Brief => Produce a verbatim copy of the data below that contains no pictures.

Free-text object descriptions
════

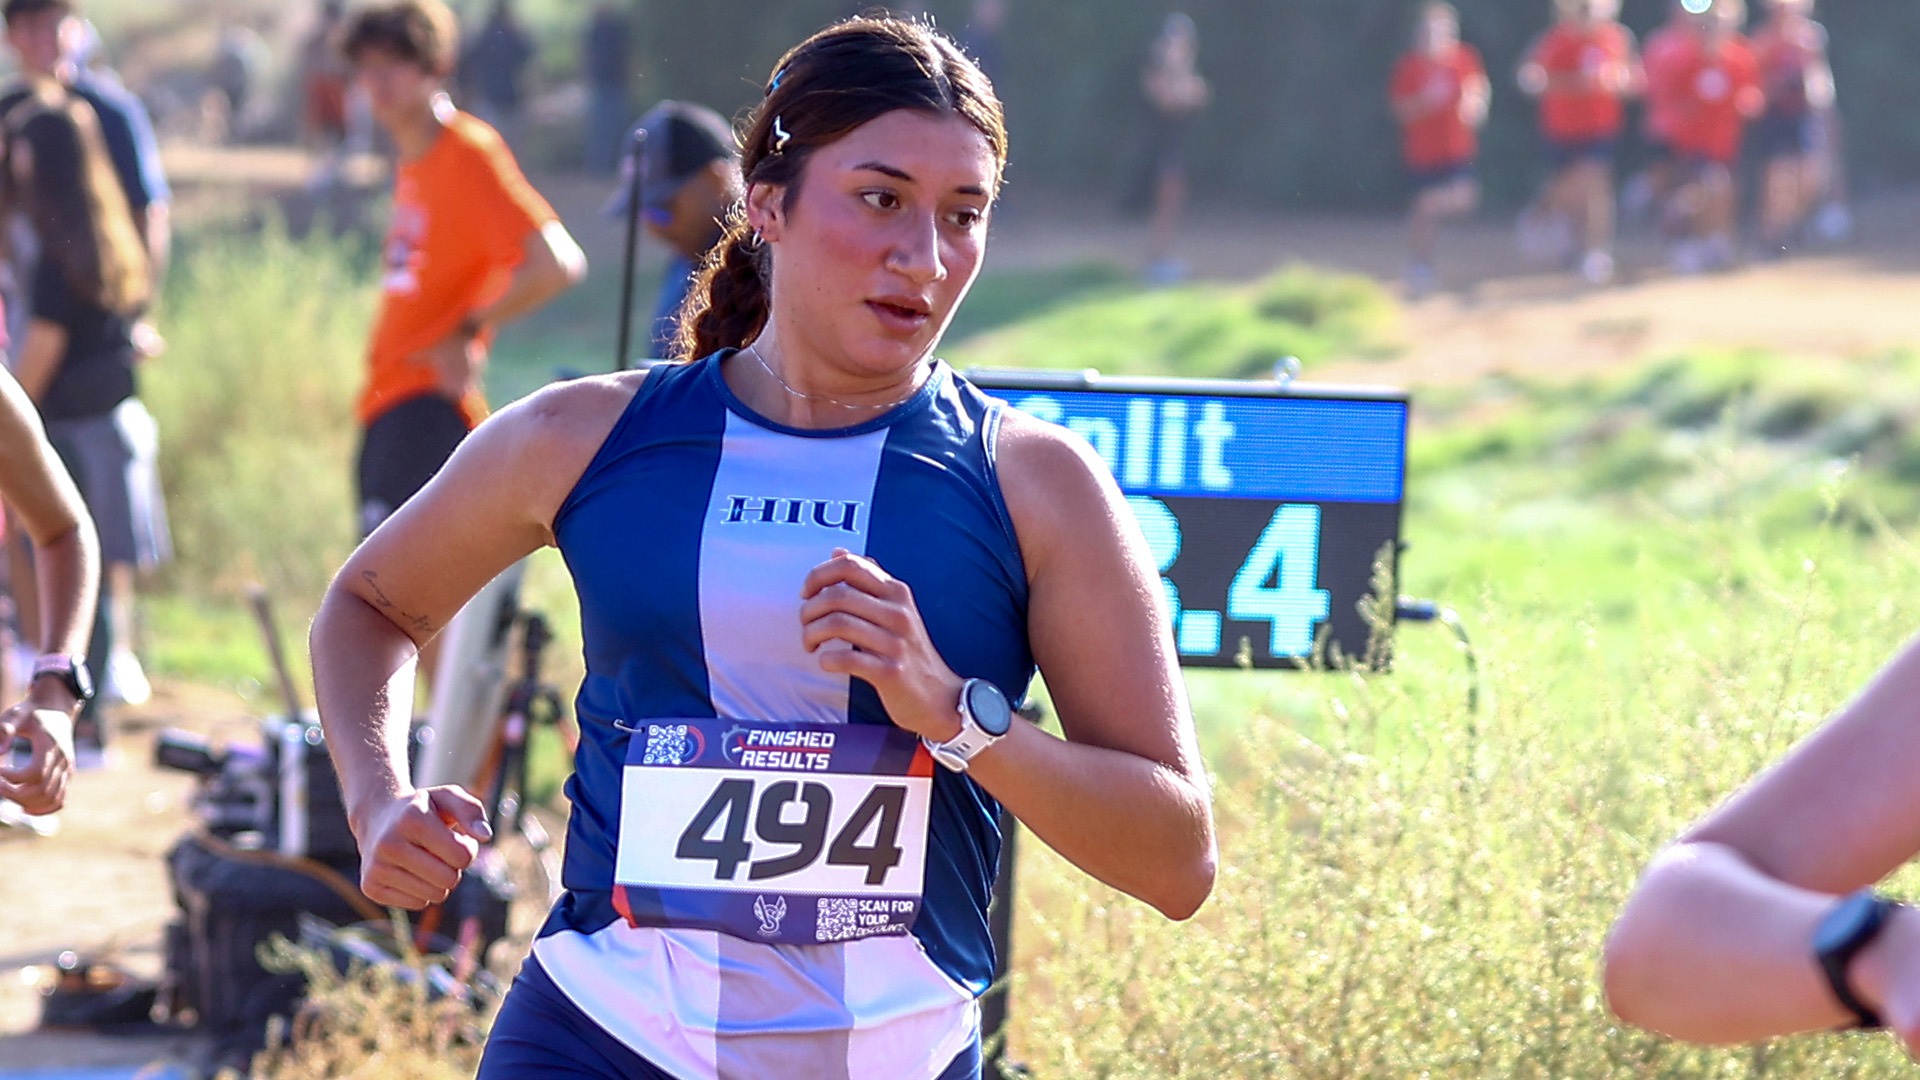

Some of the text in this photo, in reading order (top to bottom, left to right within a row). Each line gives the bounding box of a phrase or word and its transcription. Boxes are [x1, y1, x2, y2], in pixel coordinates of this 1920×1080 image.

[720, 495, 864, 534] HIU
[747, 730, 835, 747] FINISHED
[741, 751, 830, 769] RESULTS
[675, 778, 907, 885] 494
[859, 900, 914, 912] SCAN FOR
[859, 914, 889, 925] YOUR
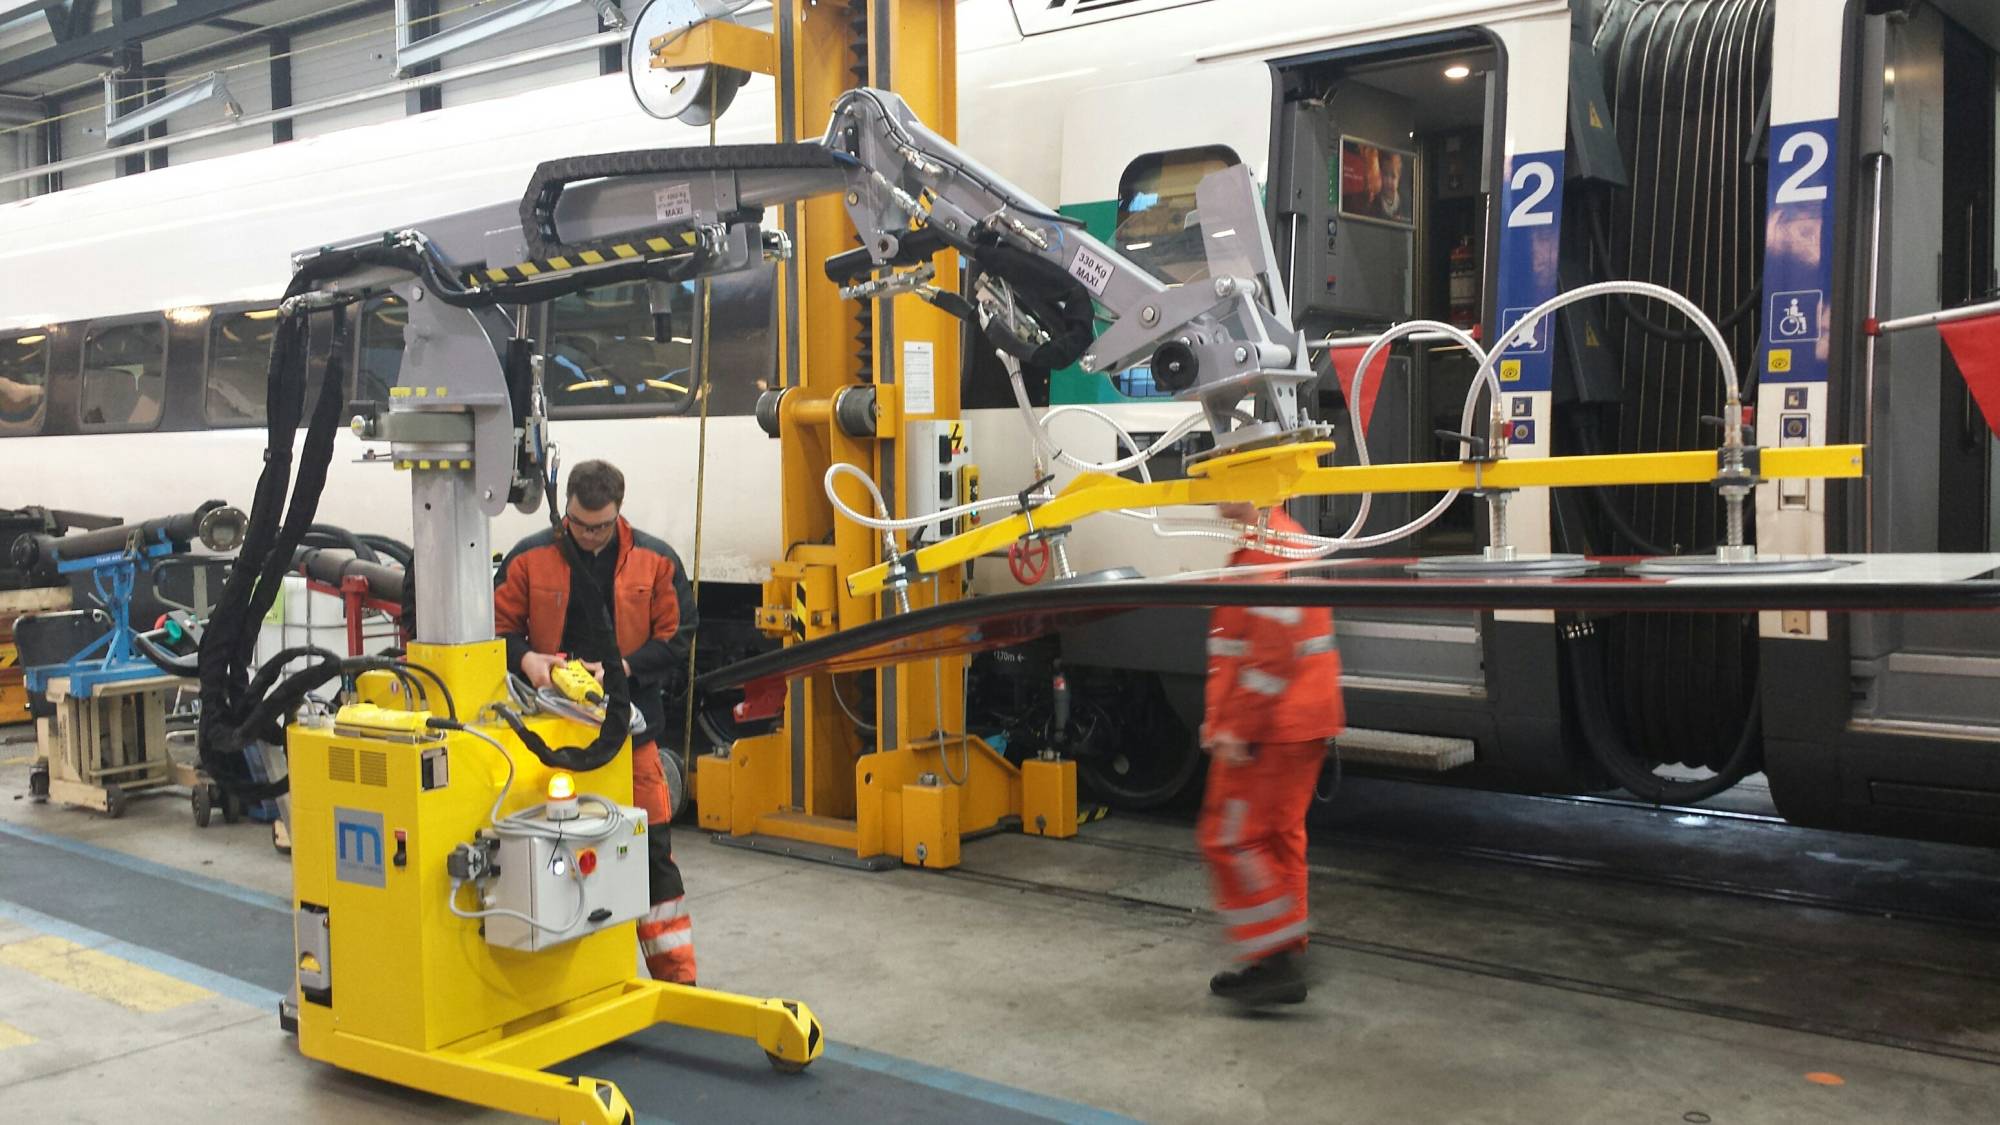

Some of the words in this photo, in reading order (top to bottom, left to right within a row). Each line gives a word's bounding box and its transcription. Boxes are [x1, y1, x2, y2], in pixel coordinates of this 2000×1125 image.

════

Task result =>
Some of the text in this photo, in reading order (top to bottom, left to right within a row). Each line gives the bounding box of a phrase or word and its transcription. Boxes are [x1, y1, x2, y2], in pixel coordinates of this 1920×1080 image.

[720, 495, 864, 534] HIU
[747, 730, 835, 747] FINISHED
[741, 751, 830, 769] RESULTS
[675, 778, 907, 885] 494
[859, 900, 914, 912] SCAN FOR
[859, 914, 889, 925] YOUR

Some of the words in this photo, in reading order (top to bottom, left to right within a row). Each line gives a word's bounding box and its transcription. Boxes are [x1, y1, x2, y2], in pixel coordinates of this 2000×1125 image.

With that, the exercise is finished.